Boeuf did not immediately accept my testimony, so I googled for information about the question at hand.  When Boeuf and I are disputing, we generally race for the internet as fast as possible.  The fact that Boeuf didn’t sit down fast at his computer to try to get to some authority faster might have indicated that he knew his position was weak.

 

“What do you know?  I found about four sites that not only say penises that work the way I’m used to are common, but that they are the majority.

 

“I guess what I mean to say,” Boeuf retreated, “is that the penises of the set of men who are like me will work like mine.”

 

I gave him a sidelong glance.  “I think what you have there is a tautology.”

 

“Well you’re jumping on me for saying anything else, so I’m sticking to things that logically have to be true.”

 

“So what you’re trying to say is…I’m right?"

 

Anyway, men seemed especially inclined to talk about their tastes in general terms.  I sometimes veer toward this in moments of irritation about not getting what I want when talking with third parties.
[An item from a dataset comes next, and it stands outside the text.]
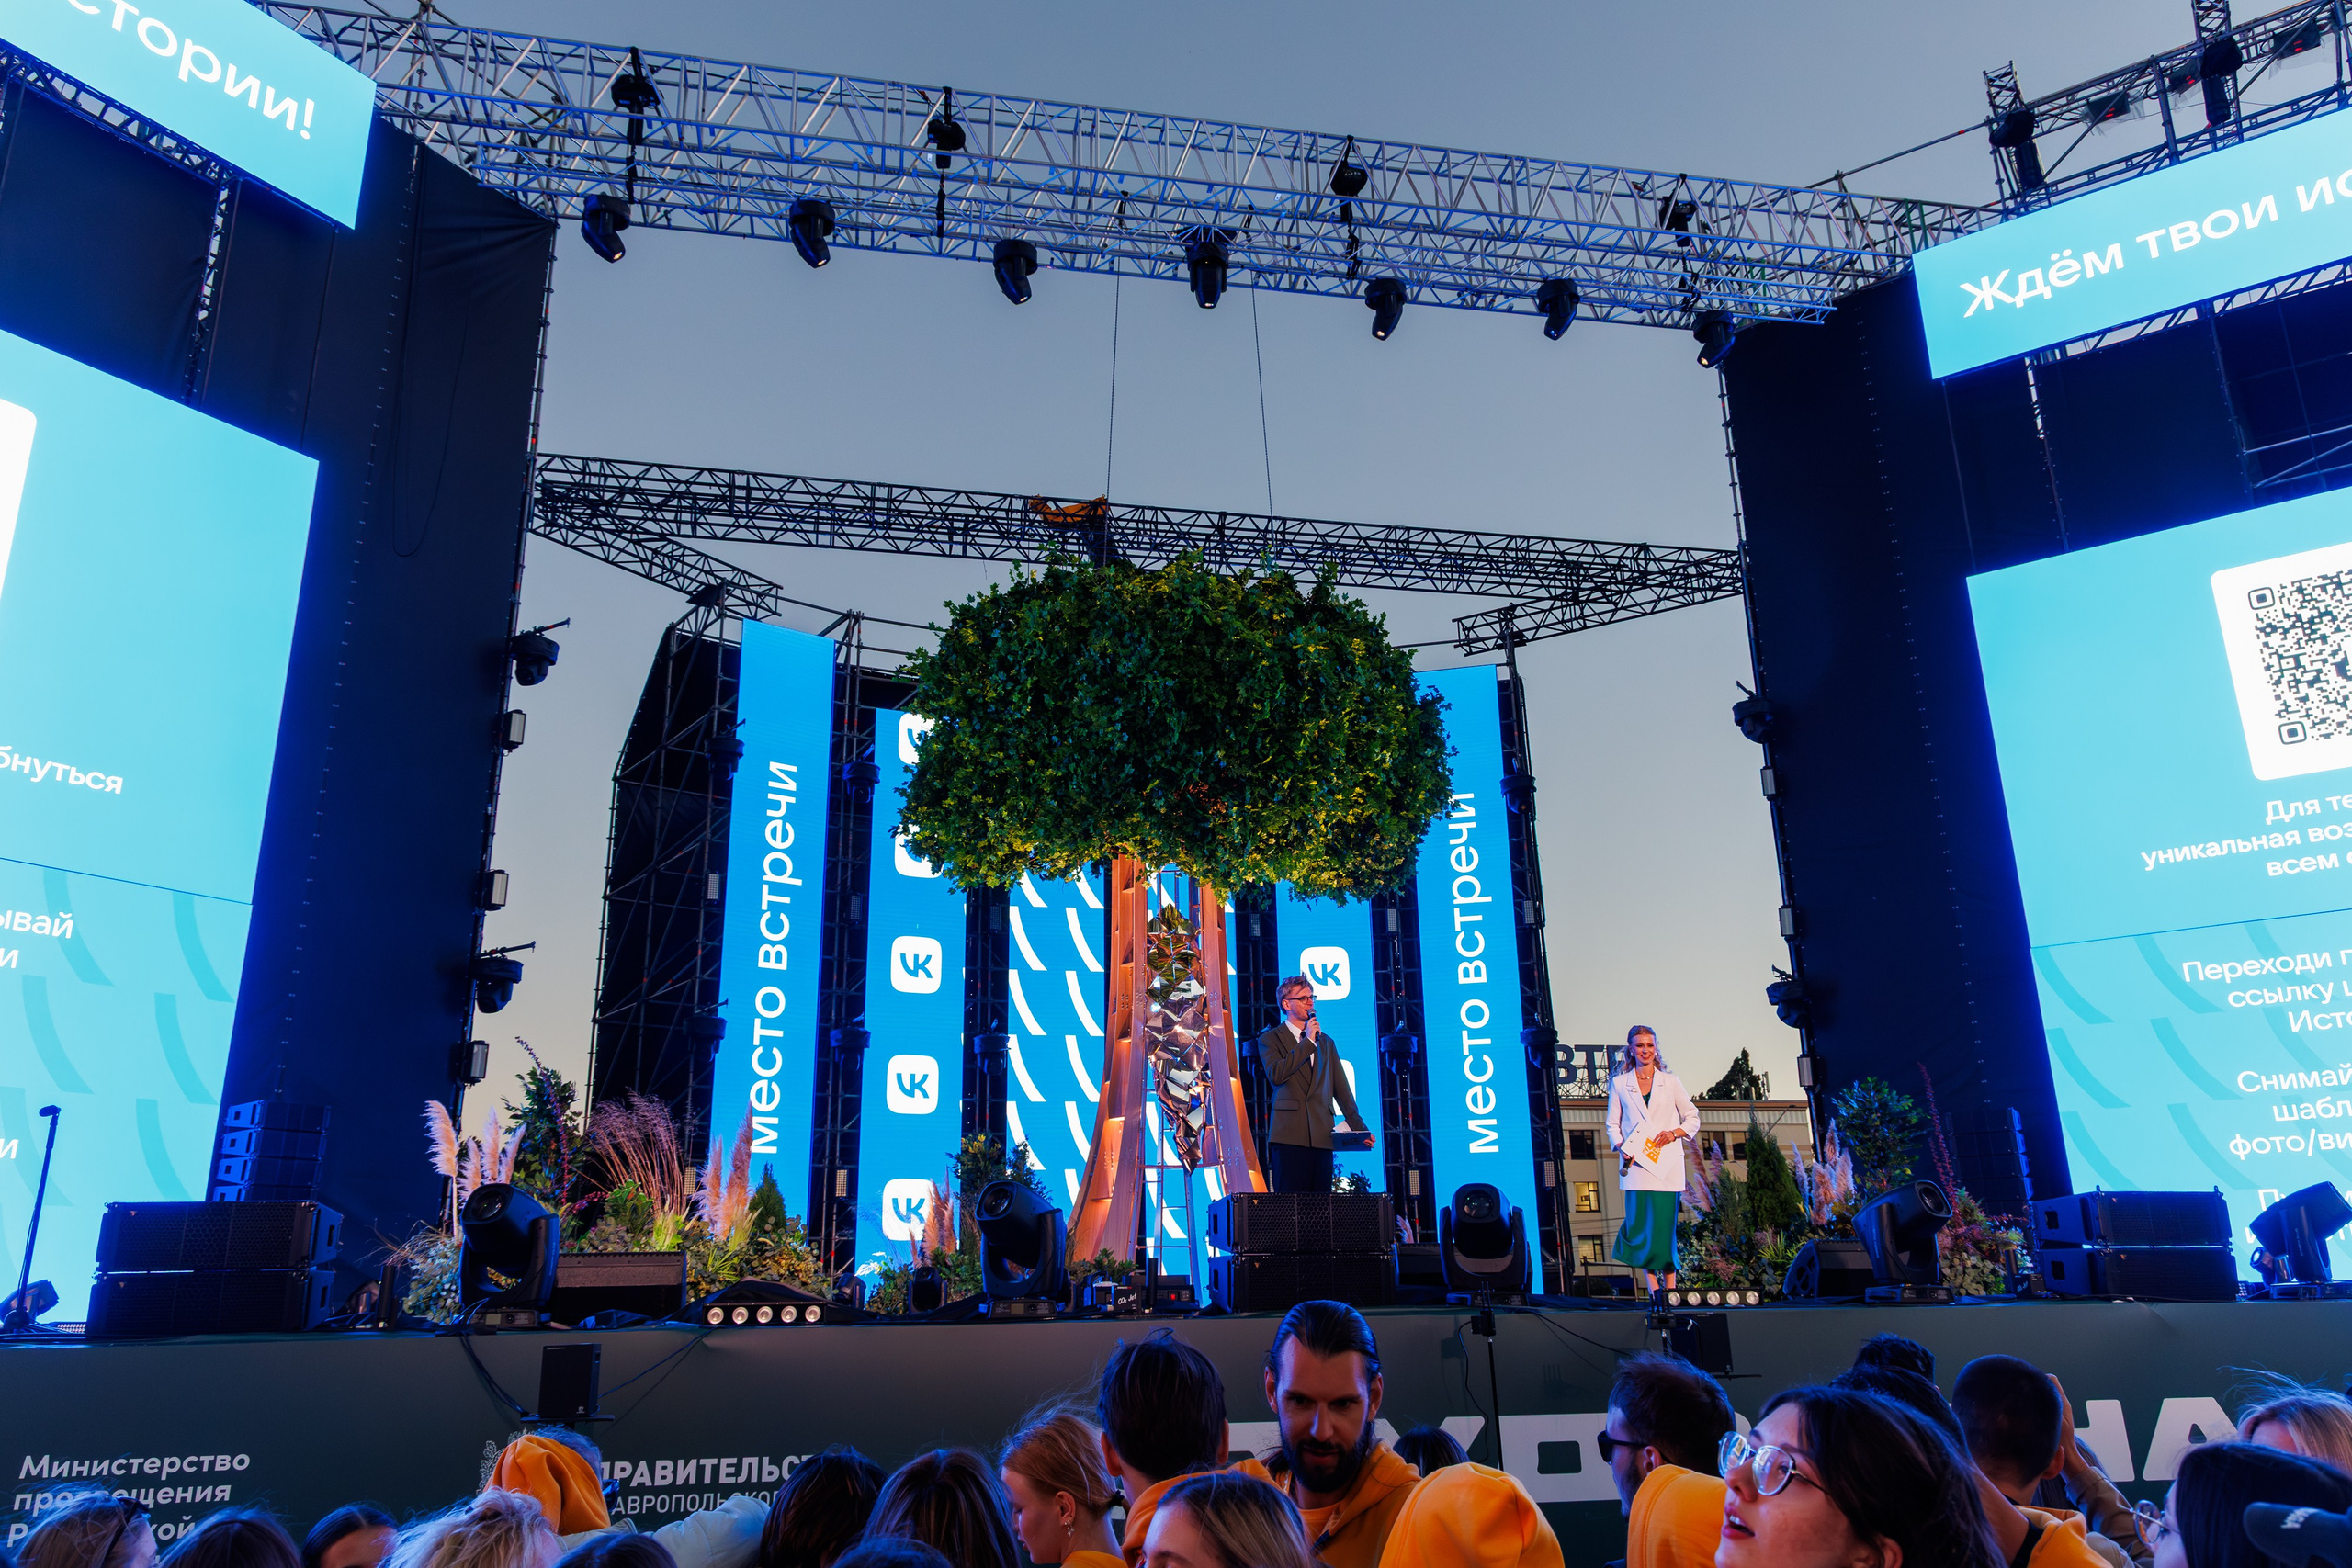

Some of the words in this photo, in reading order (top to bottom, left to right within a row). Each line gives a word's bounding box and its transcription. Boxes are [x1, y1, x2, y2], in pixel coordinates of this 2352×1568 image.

But if pushed in the slightest, I would never, ever defend the generalizability of my preferences except in extreme cases*, and I definitely only do it in the irritation/talking with a third party context; I have never tried to tell a man I knew more about what women wanted in bed than he did.  I wonder what it is that motivates dispreferring “I like,” or “I want” to general proclamations about men’s tastes, or, in the case of Boeuf, being able to say “I like” and “I want” just fine, but wanting to believe he was like other men.

 

*that thing you do when you’re pulling the back of my underwear up while I’m still wearing them?  That’s called a wedgie.  My wedgie deprecation is generalizable.